A large firecracker goes off when the first bull emerges from the pen and again
when the last bull is out. The bulls are less dangerous if they are running in
a group. A lone bull on a crowded, narrow street is a deadly bull and so you
listen for the firecrackers to determine if they are running close together or
if they are strung out.
Runners
carry a rolled up newspaper, the idea being to show your courage by touching a
running bull with the paper. So while you wait for the first firecracker to go
off, you are standing in the street shoulder-to-shoulder with many hundreds of
other people holding your rolled up newspaper in the air and chanting “Ole!
Ole! Ole!” The sound of this chanting, as the morning sun shadows the cobbled
streets, and as your fear rises through your hangover and tightens around your
heart, is a powerful experience and I was surprised by my reaction to it. It
was the power of the mob, I realized later, that left me suddenly, utterly fearless,
uncaring whether I lived or died.

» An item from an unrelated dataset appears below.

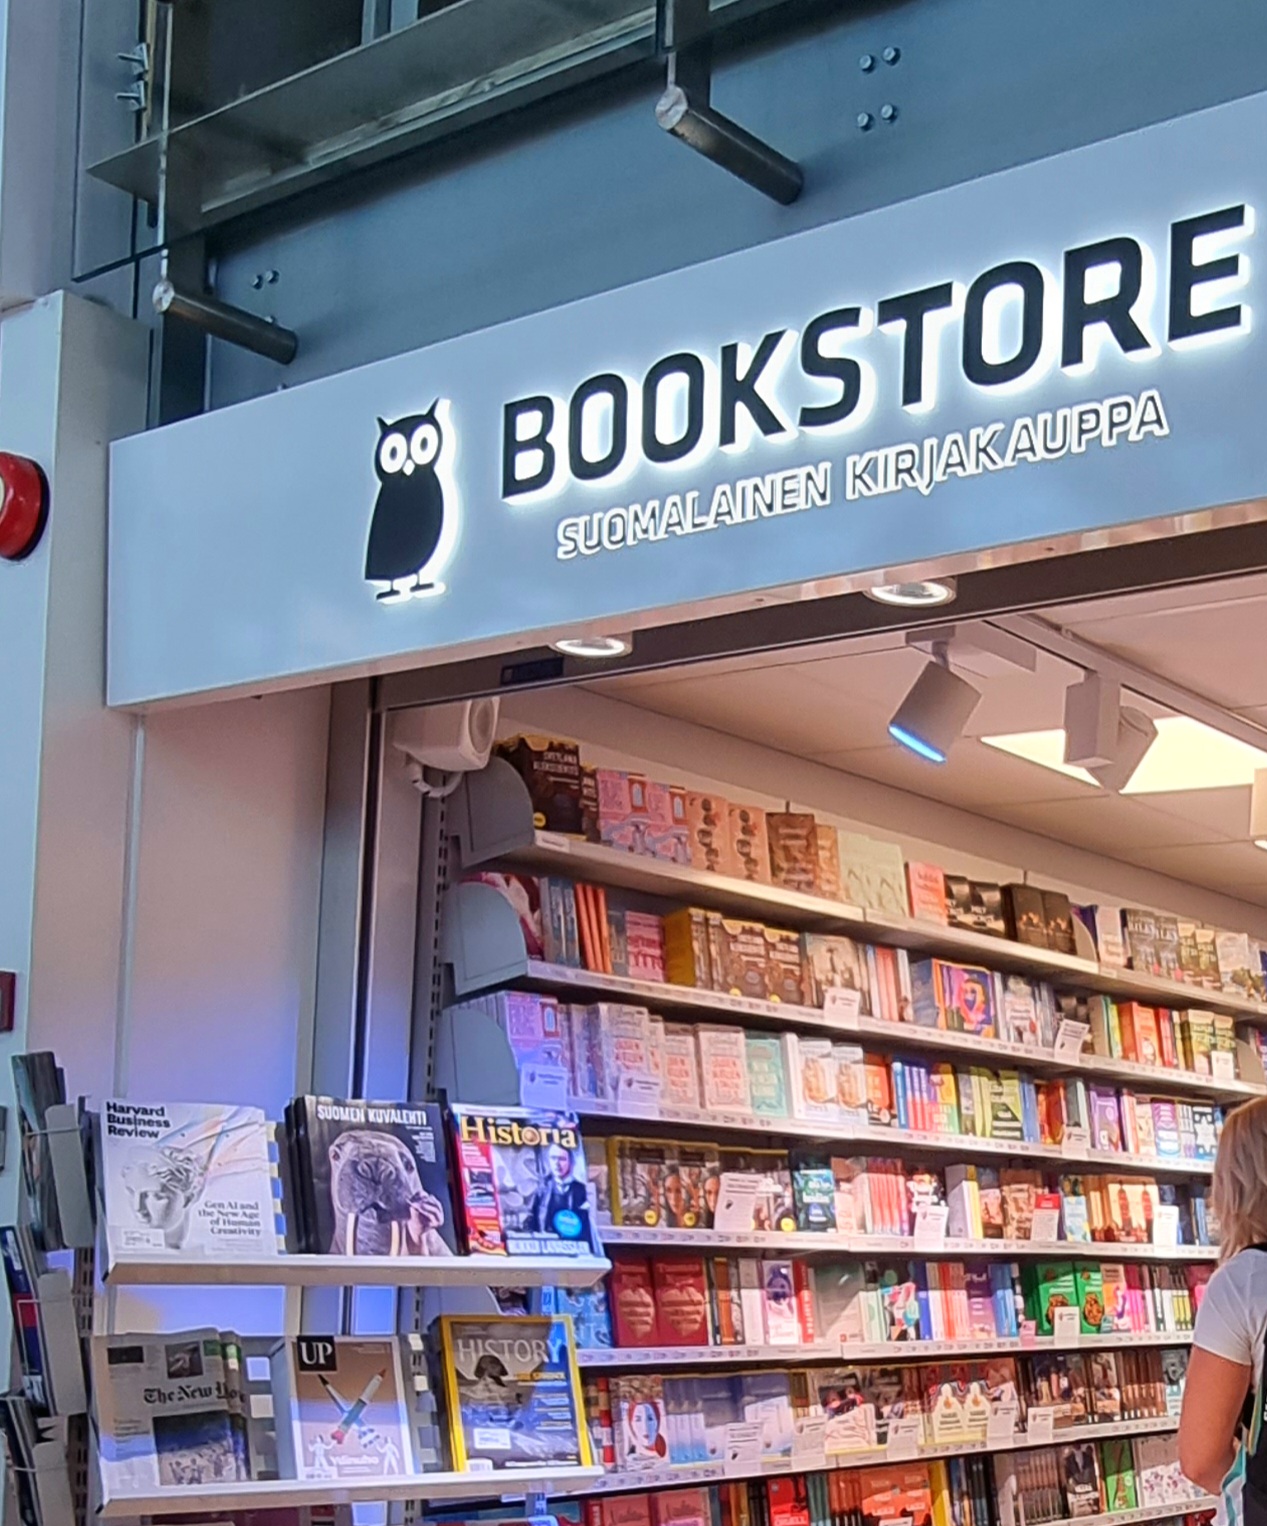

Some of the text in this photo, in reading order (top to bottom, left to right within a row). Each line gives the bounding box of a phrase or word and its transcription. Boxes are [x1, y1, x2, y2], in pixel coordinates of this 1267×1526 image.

I was, very briefly, willing to give my life for—what?
Then
the first gun went off and we started moving, slowly at first, just walking,
everyone looking over their shoulders, back down the street from where the
bulls would come. When we saw the people behind us start to run, we started
jogging, slowly at first and then faster and faster until we were running hard,
dodging and leaping and shooting glances over our shoulders to see the bulls
coming. And here’s the other thing about running the bulls: Most people who are
injured are injured not by bulls, but by other runners, by getting knocked
down, by tripping and falling and getting stepped on.
So,
then I was running with the bulls. The bulls are fast, much faster than the
runners, and, as it turned out, on this day, strung out in two groups. As the
first group passed me, I stepped aside into a doorway and watched. Then I was
out in the street again, running, until the next group came past. This time I
held my ground and stayed in the street. All around me were men who were younger
or faster or braver (more foolish) than I. They jumped in at the bulls, touched
them with their rolled up papers, and leaped away again.
And
then it was over, the bulls all gone by. But still the mob ran and I ran with
them, not understanding why. After a minute or so, we arrived at the entrance
to the bull ring. The great double doors were being swung shut but the mob ran
toward them, squeezing and fighting to get past them. I found myself jumping up
on the backs of those in front of me, climbing over them as the doors shut
behind me. And then I was actually in the bull ring, in the middle of it. The crowd
in the stands was cheering and there were bulls running around and the mob was
spread out inside the ring chasing them, still trying to touch them with their rolled-up
papers.
This
then was the final phase of the running of the bulls. After the mature,
fighting bulls have been run into the arena, they are herded into a separate
paddock and young steers with leather caps on the tips of their horns, steers
that are simply terrified and not particularly dangerous, are released into the
bull ring. A certain number of the runners are allowed into the ring and the
doors closed. These runners then chase the steers about for a while trying to
touch them with their rolled up papers and occasionally getting tossed into the
air for the approval and entertainment of the crowd.
That
afternoon I went back to the arena, bought a ticket, and sat among a crowd of
handsome young Spanish men and women and witnessed the actual bullfights. It
was during these fights that they would kill the bulls I had run that morning. They
say there is a long list of Americans who have seen a bull fight and a very
short list of Americans who have seen two bull fights. I will remain on that
first, longer list. This is because, Hemingway be damned, the inconvenient truth
is the glorious tradition of bull fighting with its powerful metaphors for
courage and the eternal struggle between life and death, involves torturing animals
until they die.
During
the highly ritualized bullfight, a bull is released into the arena. Powerful,
aggressive, and frightened, they are first stabbed in their neck muscles by picadors, men on horseback wielding lances.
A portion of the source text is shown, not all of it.